=== Records for processing ===

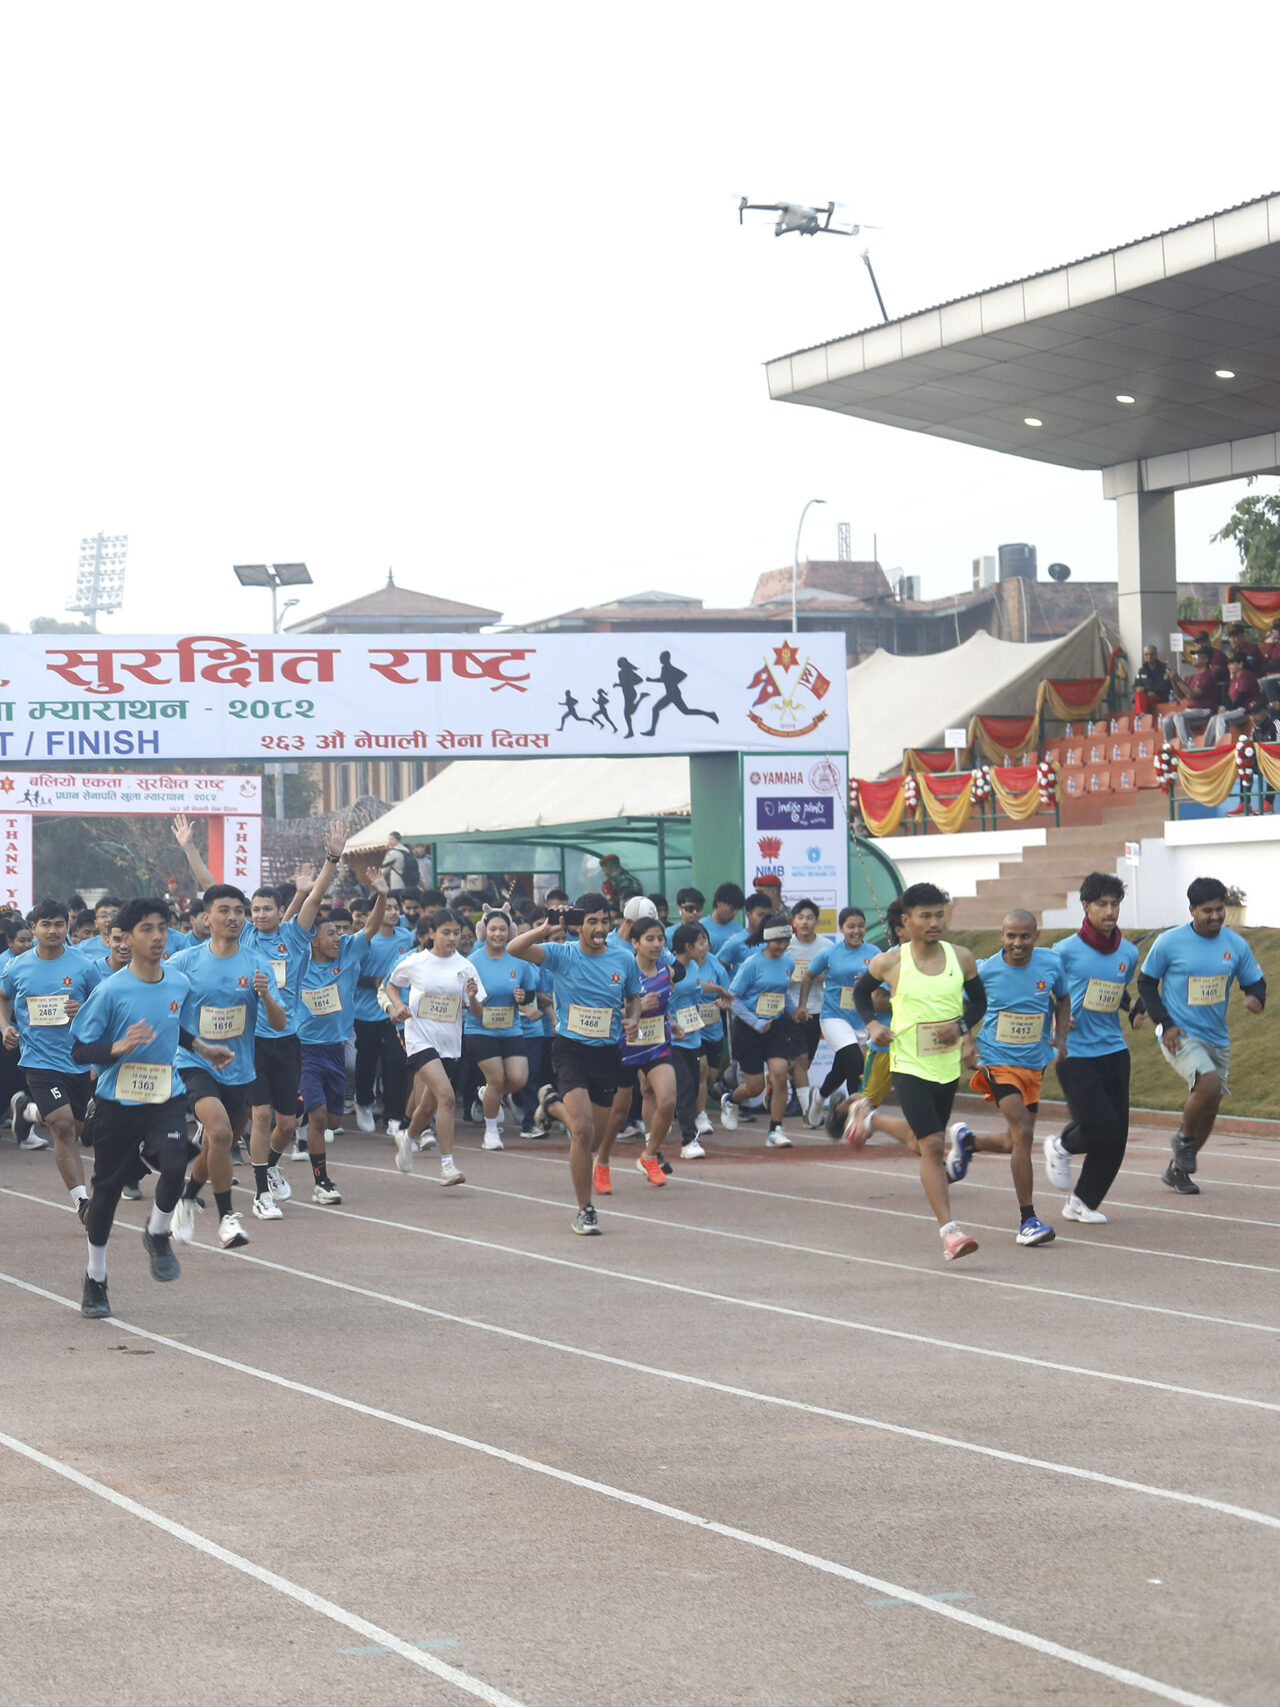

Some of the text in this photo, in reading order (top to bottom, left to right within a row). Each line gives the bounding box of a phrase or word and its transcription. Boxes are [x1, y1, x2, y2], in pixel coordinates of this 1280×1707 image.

[45, 635, 341, 695] सुरक्षित
[368, 647, 538, 693] राष्ट्र
[27, 699, 190, 722] म्याराथन
[228, 699, 316, 720] २०८२
[46, 729, 160, 756] FINISH
[260, 734, 306, 751] २६३
[353, 729, 428, 751] नेपाली
[435, 728, 484, 750] सेना
[490, 728, 551, 750] दिवस
[29, 774, 77, 788] बलियो
[82, 777, 123, 789] एकता
[136, 775, 190, 791] सुरक्षित
[762, 770, 804, 785] YAMAHA
[5, 818, 19, 875] THANK
[235, 821, 248, 877] THANK
[755, 865, 785, 877] NIMB
[313, 999, 330, 1008] 1614
[430, 1005, 448, 1013] 2420
[39, 1008, 57, 1016] 2487
[213, 1021, 233, 1030] 1616
[580, 1019, 599, 1028] 1468
[1010, 1026, 1031, 1034] 1413
[132, 1080, 155, 1091] 1363
[50, 1086, 63, 1101] 15

===

» **Task description**
Start to finish, write out the data above exactly, omitting all pictures.

» **Final answer**
Some of the text in this photo, in reading order (top to bottom, left to right within a row). Each line gives the bounding box of a phrase or word and its transcription. Boxes are [x1, y1, x2, y2], in pixel coordinates of this 1280×1707 image.

[45, 635, 341, 695] सुरक्षित
[368, 647, 538, 693] राष्ट्र
[27, 699, 190, 722] म्याराथन
[228, 699, 316, 720] २०८२
[46, 729, 160, 756] FINISH
[260, 734, 306, 751] २६३
[353, 729, 428, 751] नेपाली
[435, 728, 484, 750] सेना
[490, 728, 551, 750] दिवस
[29, 774, 77, 788] बलियो
[82, 777, 123, 789] एकता
[136, 775, 190, 791] सुरक्षित
[762, 770, 804, 785] YAMAHA
[5, 818, 19, 875] THANK
[235, 821, 248, 877] THANK
[755, 865, 785, 877] NIMB
[313, 999, 330, 1008] 1614
[430, 1005, 448, 1013] 2420
[39, 1008, 57, 1016] 2487
[213, 1021, 233, 1030] 1616
[580, 1019, 599, 1028] 1468
[1010, 1026, 1031, 1034] 1413
[132, 1080, 155, 1091] 1363
[50, 1086, 63, 1101] 15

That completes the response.